Un tema caldo, quello dei rapporti della distribuzione con i vettori, che nei mesi scorsi ha visto complicarsi i rapporti e messo in evidenza alcune problematiche del settore, dopo il fallimento di ben due aerolinee, airberlin e Monarch Airlines.

La via inglese
"Il modello cui l'Italia potrebbe ispirarsi nell'istituire il fondo dovrebbe essere quello dell'Atol attivo in Gran Bretagna" aggiunge Lucarelli. Si tratterebbe di una soluzione "finanziata dalle compagnie aeree" suggerisce il legale Fiavet: l'ipotesi alcune settimane fa era stata avanzata anche in ambito europeo da Ectaa, ma da parte dei vettori aveva generato una levata di scudi.

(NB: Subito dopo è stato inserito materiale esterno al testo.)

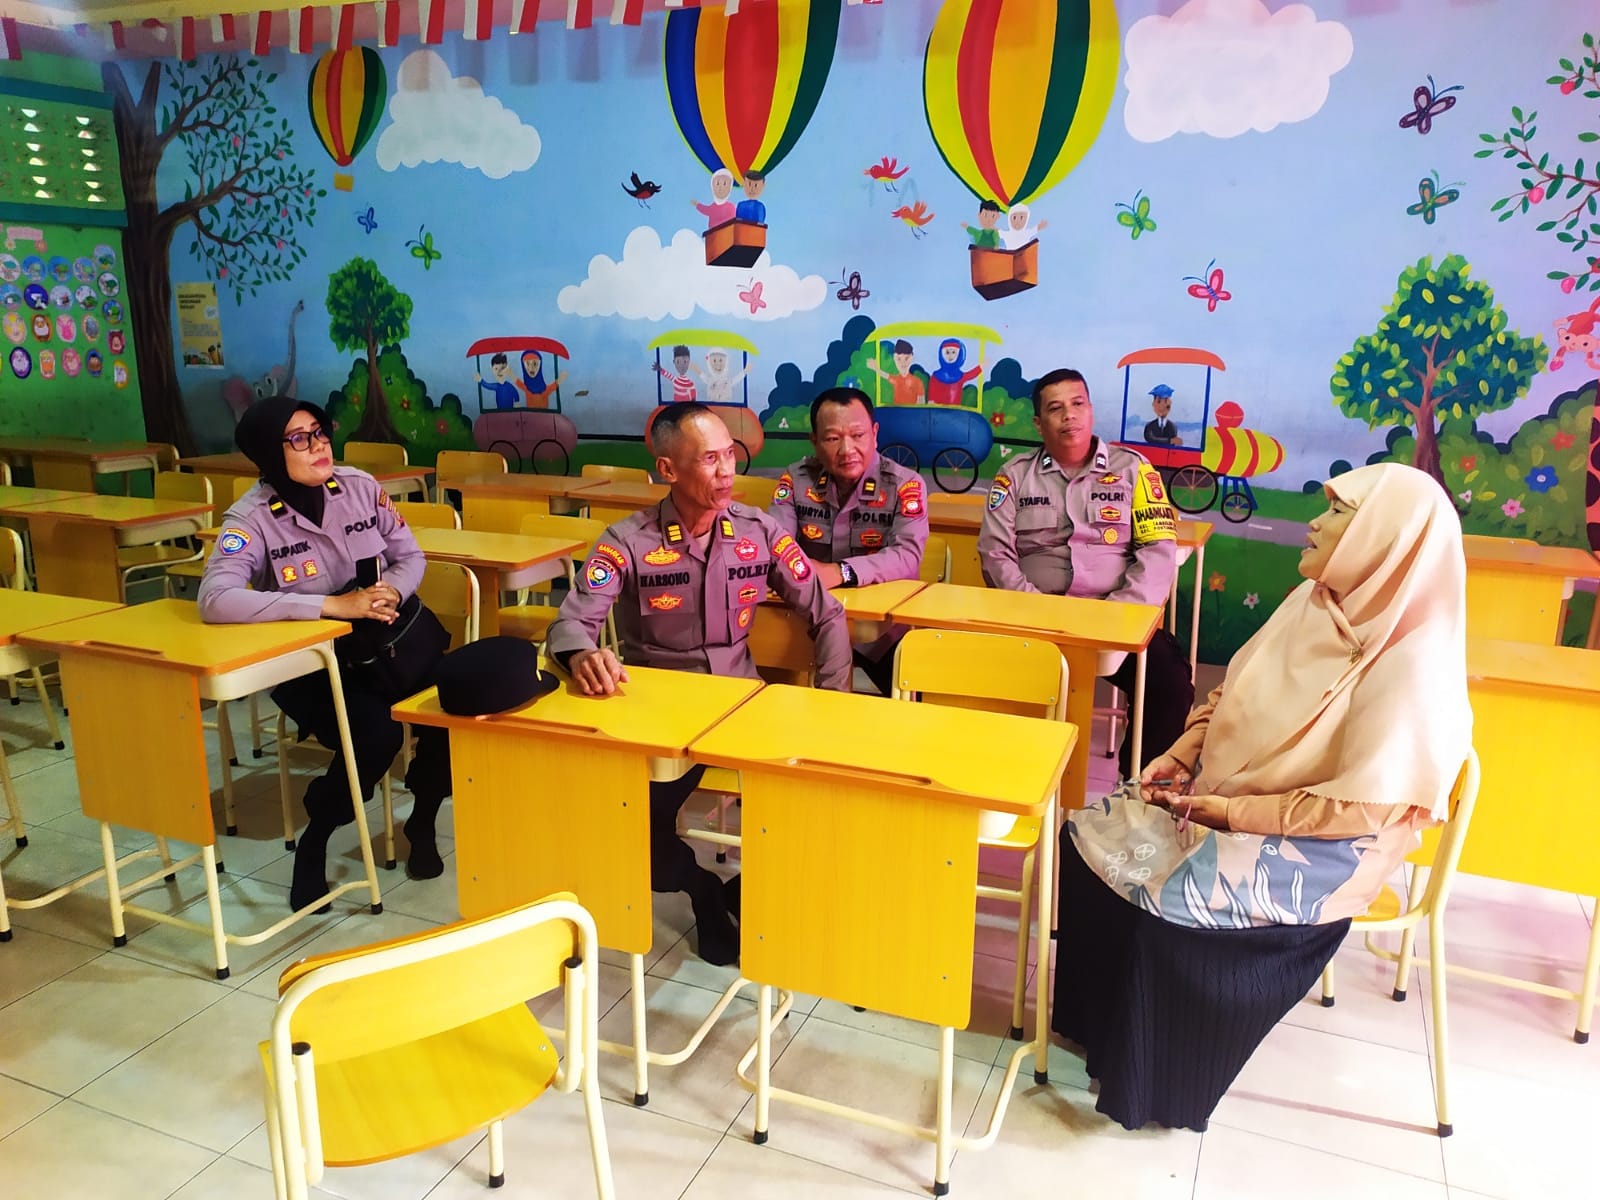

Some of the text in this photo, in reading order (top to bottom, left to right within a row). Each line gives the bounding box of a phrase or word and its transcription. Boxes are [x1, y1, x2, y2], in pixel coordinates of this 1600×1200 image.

[1019, 497, 1051, 507] SYAIFUL
[1090, 491, 1125, 503] POLRI
[853, 512, 892, 527] POLRI
[640, 571, 690, 587] HARSONO
[728, 563, 769, 581] POLRI

Iata e Era, l'associazione europea dei vettori regionali, avevano infatti replicato con un netto rifiuto alla proposta, sostenendo che il fondo andrebbe a gravare anche sul cliente finale generando un rincaro delle tariffe. Ma a livello italiano pare che l'eventualità di creare un sistema di protezione per i vettori stuzzichi gli addetti ai lavori.

Da parte di Enac, infatti, l'idea non è  stata bocciata: "È una proposta interessante - dice Andrea Marotta, direttore sviluppo trasporto aereo di Enac -, ma per ora vi è uno stallo da parte della politica".